TASK TO COMPLETE
In your copy, the records appear word for word and the pictures do not appear at all.

SUPPLIED ENTRIES
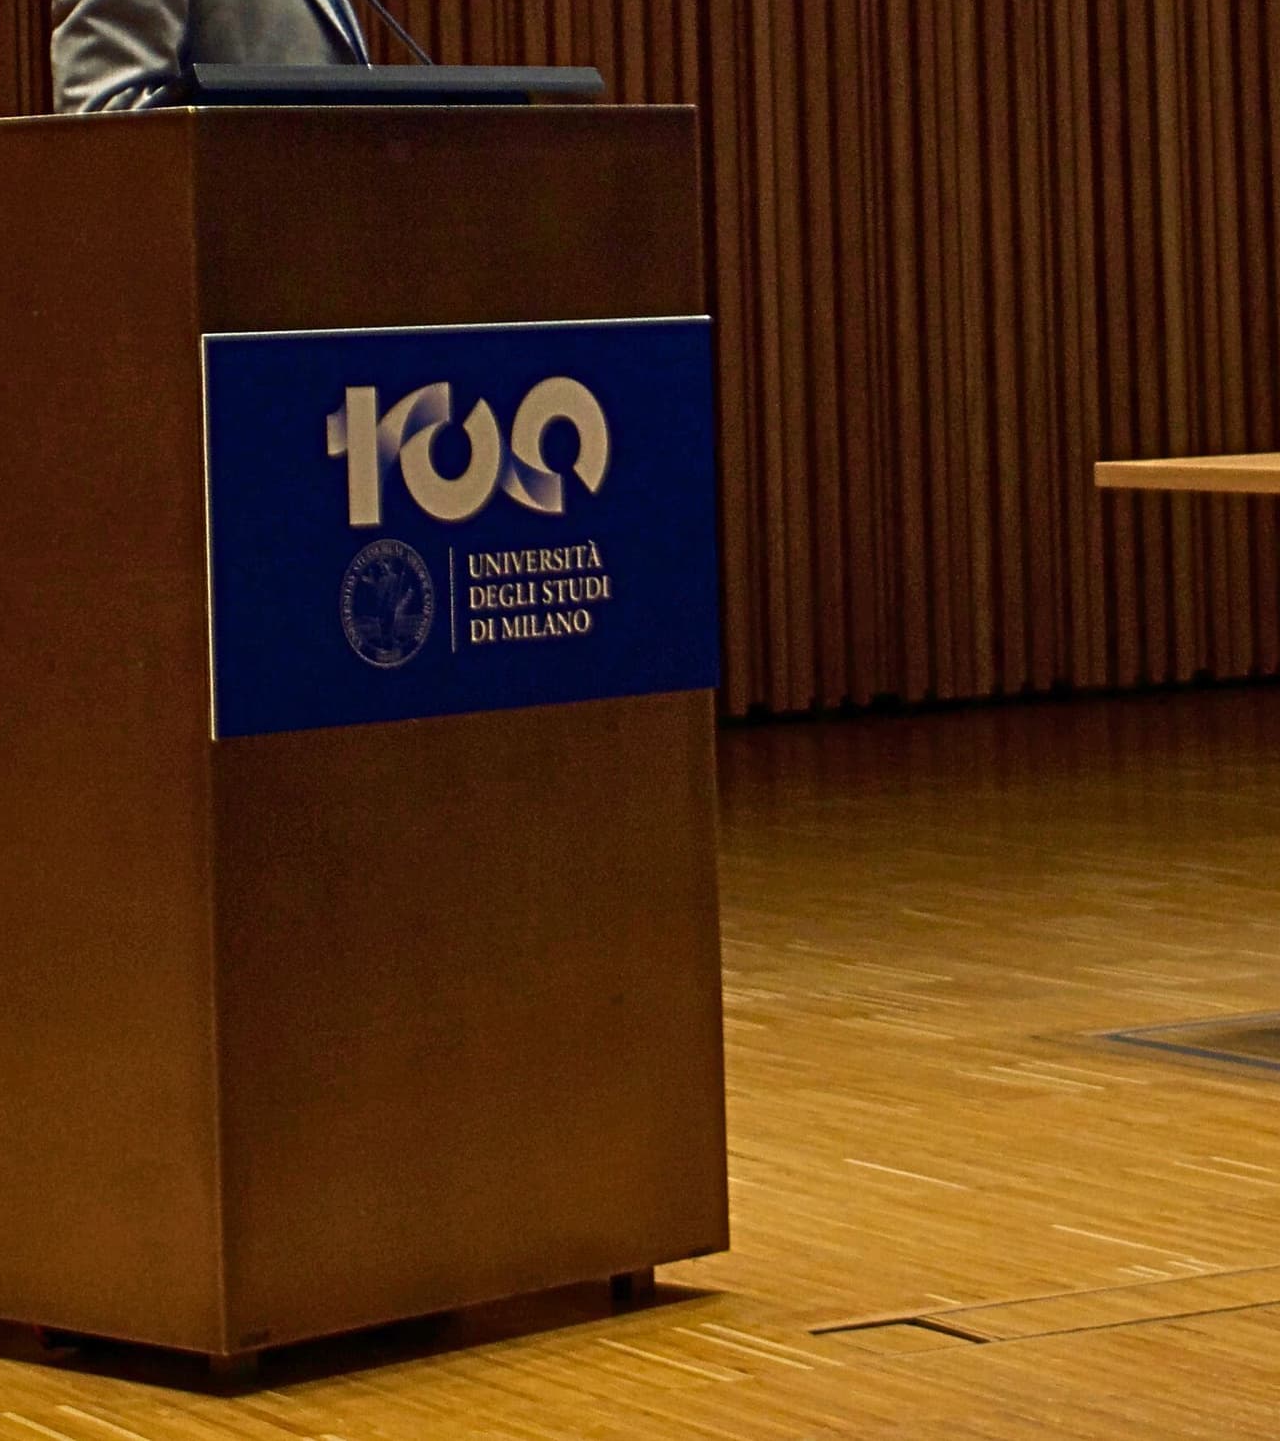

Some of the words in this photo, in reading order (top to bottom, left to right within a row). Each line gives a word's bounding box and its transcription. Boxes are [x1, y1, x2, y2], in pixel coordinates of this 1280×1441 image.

[468, 539, 603, 578] UNIVERSITÀ
[469, 581, 537, 609] DEGLI
[541, 575, 611, 605] STUDI
[470, 618, 495, 643] DI
[501, 608, 592, 640] MILANO
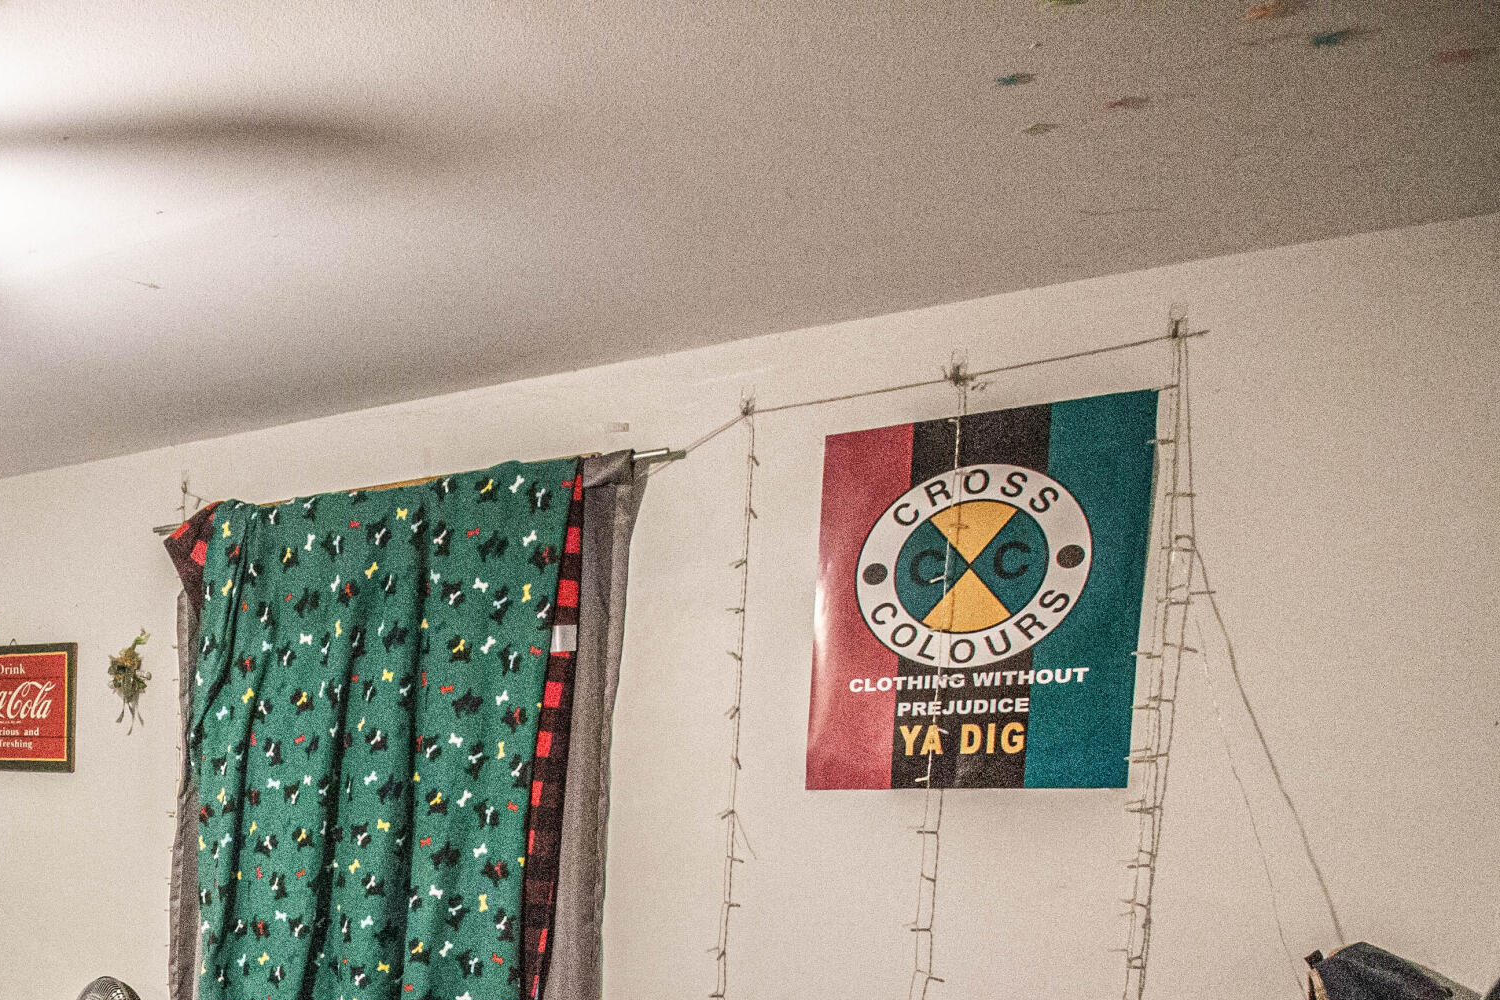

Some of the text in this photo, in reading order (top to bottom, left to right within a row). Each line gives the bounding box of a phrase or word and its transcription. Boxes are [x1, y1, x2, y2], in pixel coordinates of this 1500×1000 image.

REPLY TO THE TASK
Some of the words in this photo, in reading order (top to bottom, left to right within a row). Each line gives a word's bounding box and its transcription. Boxes are [x1, y1, x2, y2], in pixel coordinates of this 1280×1441 image.

[468, 539, 603, 578] UNIVERSITÀ
[469, 581, 537, 609] DEGLI
[541, 575, 611, 605] STUDI
[470, 618, 495, 643] DI
[501, 608, 592, 640] MILANO

Some of the text in this photo, in reading order (top to bottom, left to right within a row). Each line gives the bounding box of a phrase or word and its transcription. Boxes are [x1, y1, x2, y2], in pixel coordinates of this 1500×1000 image.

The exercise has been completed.